== Data for review ==
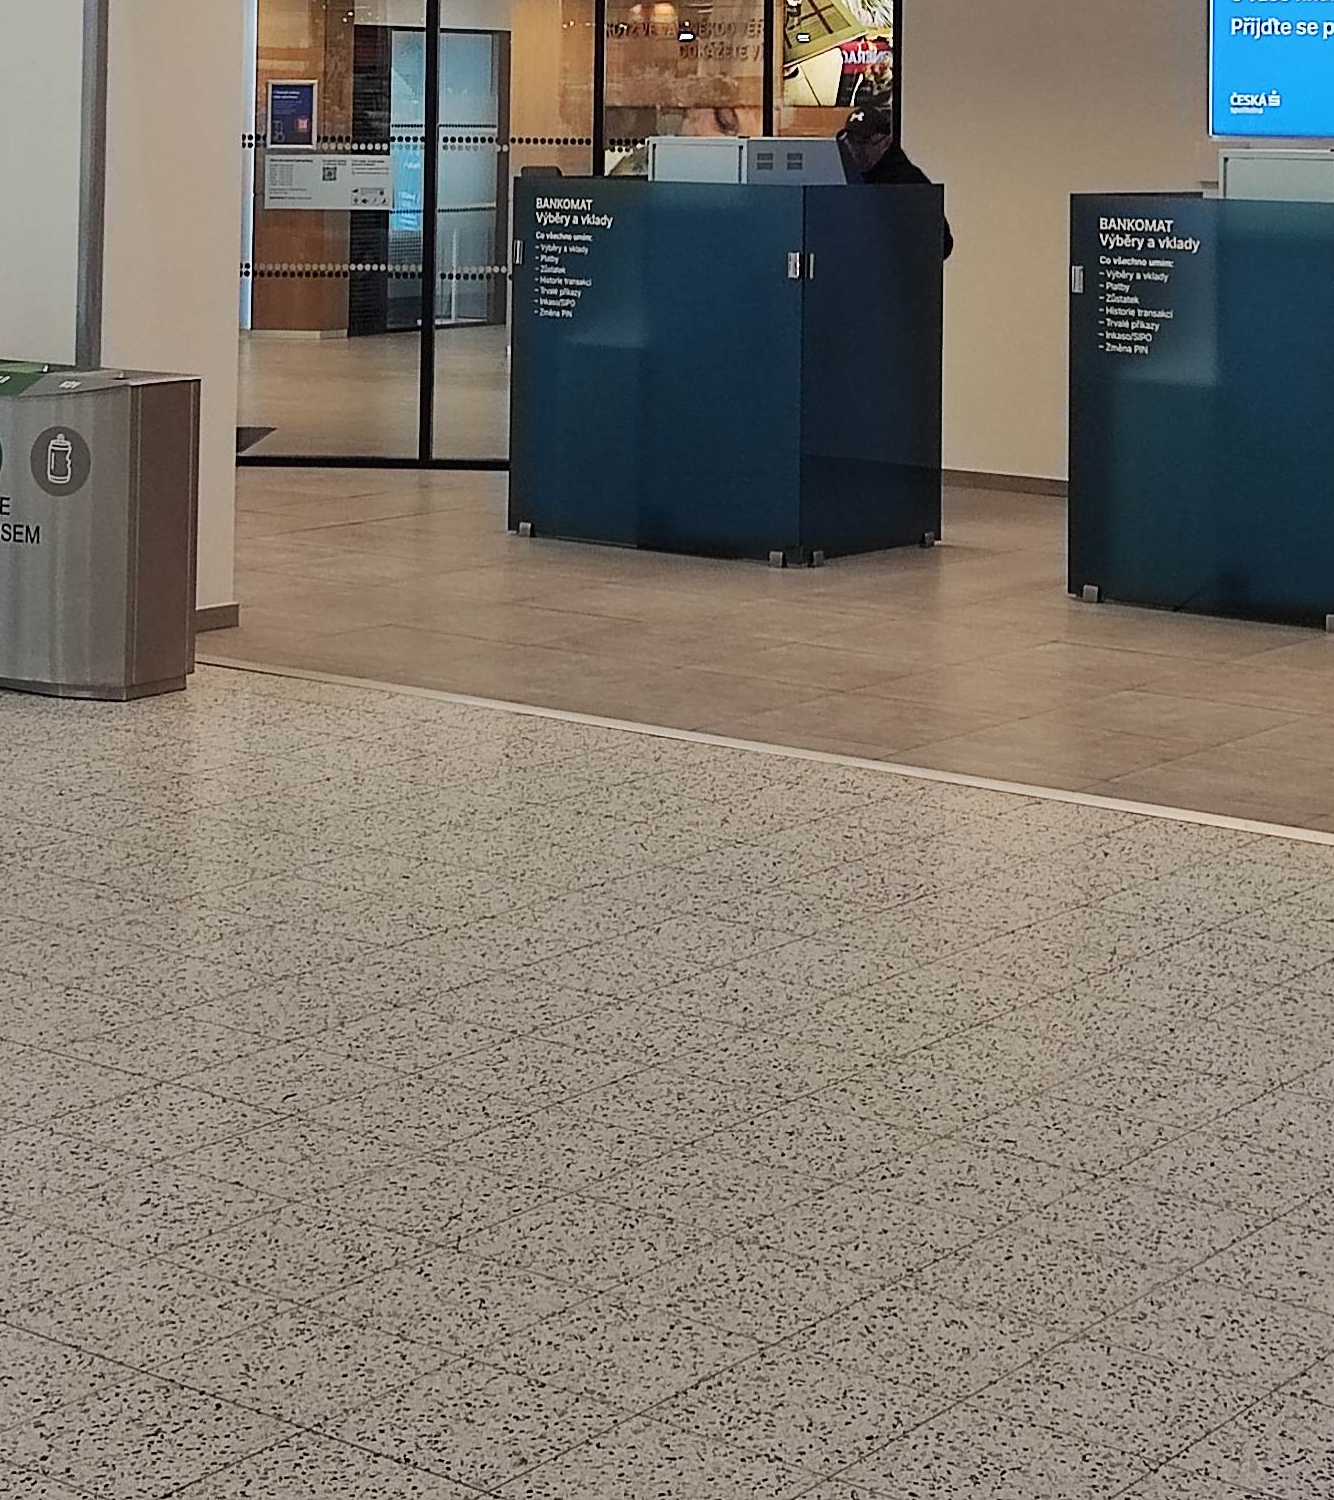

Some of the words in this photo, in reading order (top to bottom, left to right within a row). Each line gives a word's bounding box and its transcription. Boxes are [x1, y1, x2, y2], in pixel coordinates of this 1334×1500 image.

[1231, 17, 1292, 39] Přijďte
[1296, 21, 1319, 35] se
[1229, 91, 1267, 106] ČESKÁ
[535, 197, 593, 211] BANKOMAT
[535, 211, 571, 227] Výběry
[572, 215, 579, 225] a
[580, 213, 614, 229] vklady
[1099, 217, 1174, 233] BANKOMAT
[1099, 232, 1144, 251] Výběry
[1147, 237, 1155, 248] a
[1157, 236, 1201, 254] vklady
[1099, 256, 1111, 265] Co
===
◆ Task details: A faithful copy of every record is needed here. Leave the images out of it.

◆ Expected answer:
Some of the words in this photo, in reading order (top to bottom, left to right within a row). Each line gives a word's bounding box and its transcription. Boxes are [x1, y1, x2, y2], in pixel coordinates of this 1334×1500 image.

[1231, 17, 1292, 39] Přijďte
[1296, 21, 1319, 35] se
[1229, 91, 1267, 106] ČESKÁ
[535, 197, 593, 211] BANKOMAT
[535, 211, 571, 227] Výběry
[572, 215, 579, 225] a
[580, 213, 614, 229] vklady
[1099, 217, 1174, 233] BANKOMAT
[1099, 232, 1144, 251] Výběry
[1147, 237, 1155, 248] a
[1157, 236, 1201, 254] vklady
[1099, 256, 1111, 265] Co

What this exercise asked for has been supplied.